Profondo Rosso (or Deep Red) is a film soundtrack album for the film of the same name mainly composed and performed by the Italian progressive rock band Goblin, the band's first collaboration with director Dario Argento.

Argento had originally contacted jazz pianist and composer Giorgio Gaslini to score the film, but he was unhappy with his output, deeming it "awful". After failing to get Pink Floyd to write music for the film, Argento turned back to Italy and found Goblin. In the final score, only three of Gaslini's original themes were retained; however, in the film's original theatrical release, Gaslini was given full composer credit for the entire score, while Goblin were wrongly credited only as performers [i.e. "Music by Giorgio Gaslini, performed by Goblin"]. This was corrected in subsequent home video releases.

Professional ratings
Review scores
| Source | Rating |
| Allmusic | Star |

== Style and influences ==
Allmusic describes the score of Profondo Rosso as "an ambitious affair that blends jazz, prog rock, and heavy metal into an effective and totally distinctive style" and "Deep Shadows" as "a frenetic slice of King Crimson-style jazz-rock". The title track reached number one in Italy.

== Track listing ==

=== Original album release (1975) ===

1. "Profondo Rosso" – 4:56
2. "Death Dies" – 4:42
3. "Mad Puppet" – 5:50
4. "Wild Session" – 4:59
5. "Deep Shadows" – 5:46
6. "School at Night" – 2:05
7. "Gianna" – 1:52

Tracks 1–3 are composed and performed by Goblin (Simonetti, Morante, Pignatelli, Martino); tracks 4 and 5 are composed by Giorgio Gaslini and performed by Goblin; tracks 6 and 7 are composed, orchestrated and conducted by Giorgio Gaslini.

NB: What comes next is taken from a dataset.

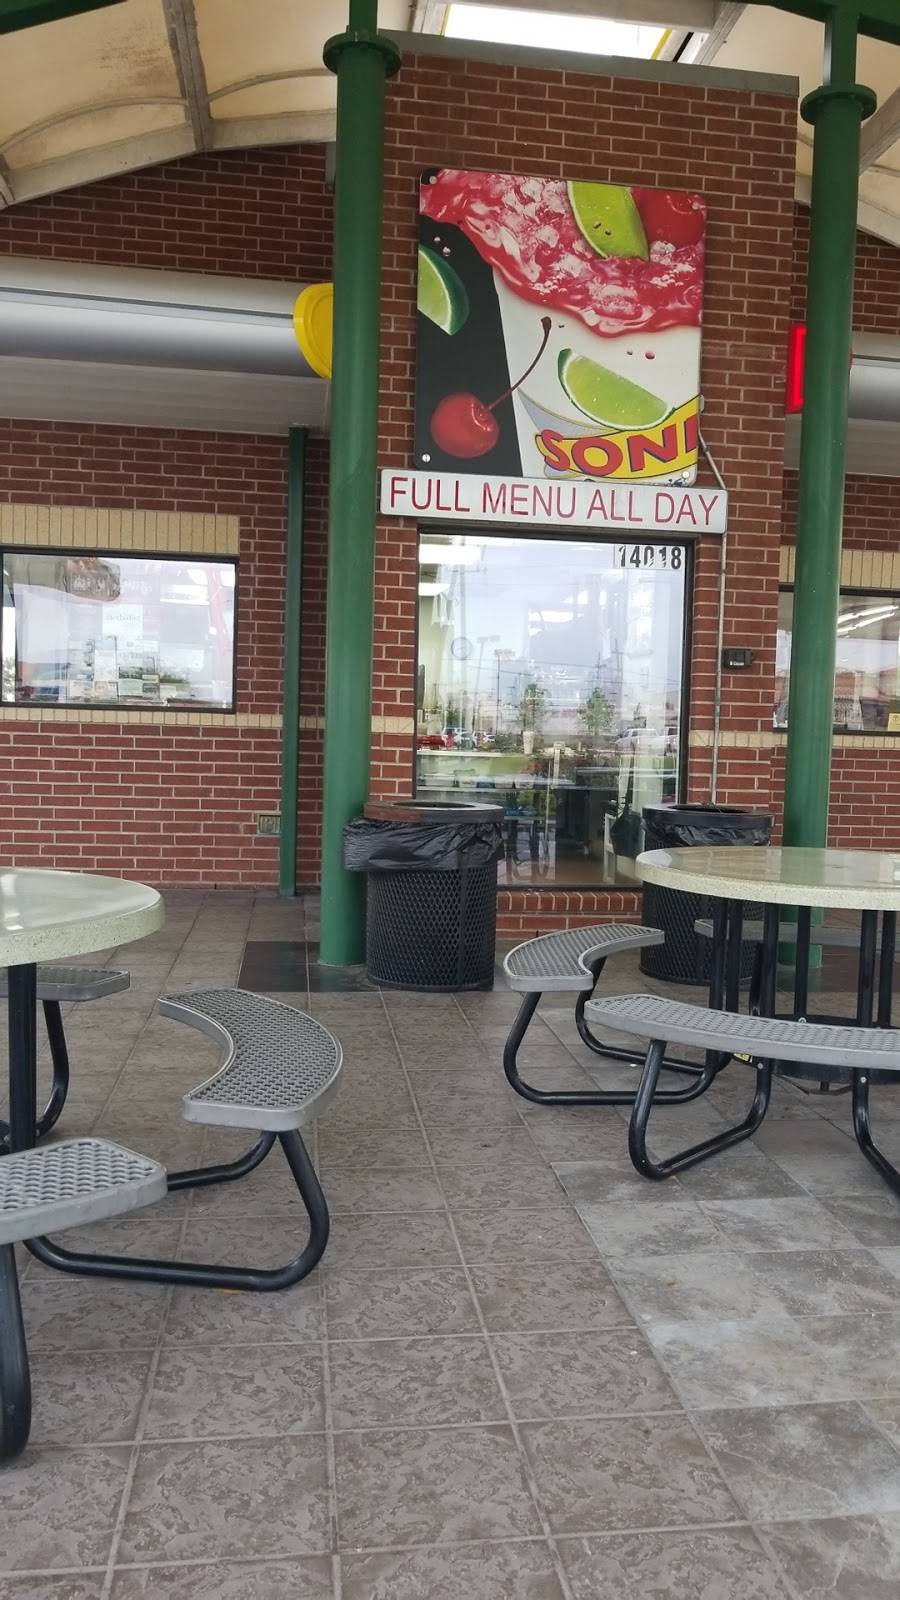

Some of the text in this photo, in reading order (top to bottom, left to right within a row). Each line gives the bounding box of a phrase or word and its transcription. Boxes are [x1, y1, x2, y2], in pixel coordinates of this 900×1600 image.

=== Collector's Edition CD re-release (2005) ===

In 2005, for the film's 30th anniversary, the complete film soundtrack was re-released on CD by Cinevox, under the supervision of Claudio Simonetti. This release includes all the music featured in the film, as well as a remix of the main theme and two sound effects tracks from the film itself. The track list for this CD is as follows.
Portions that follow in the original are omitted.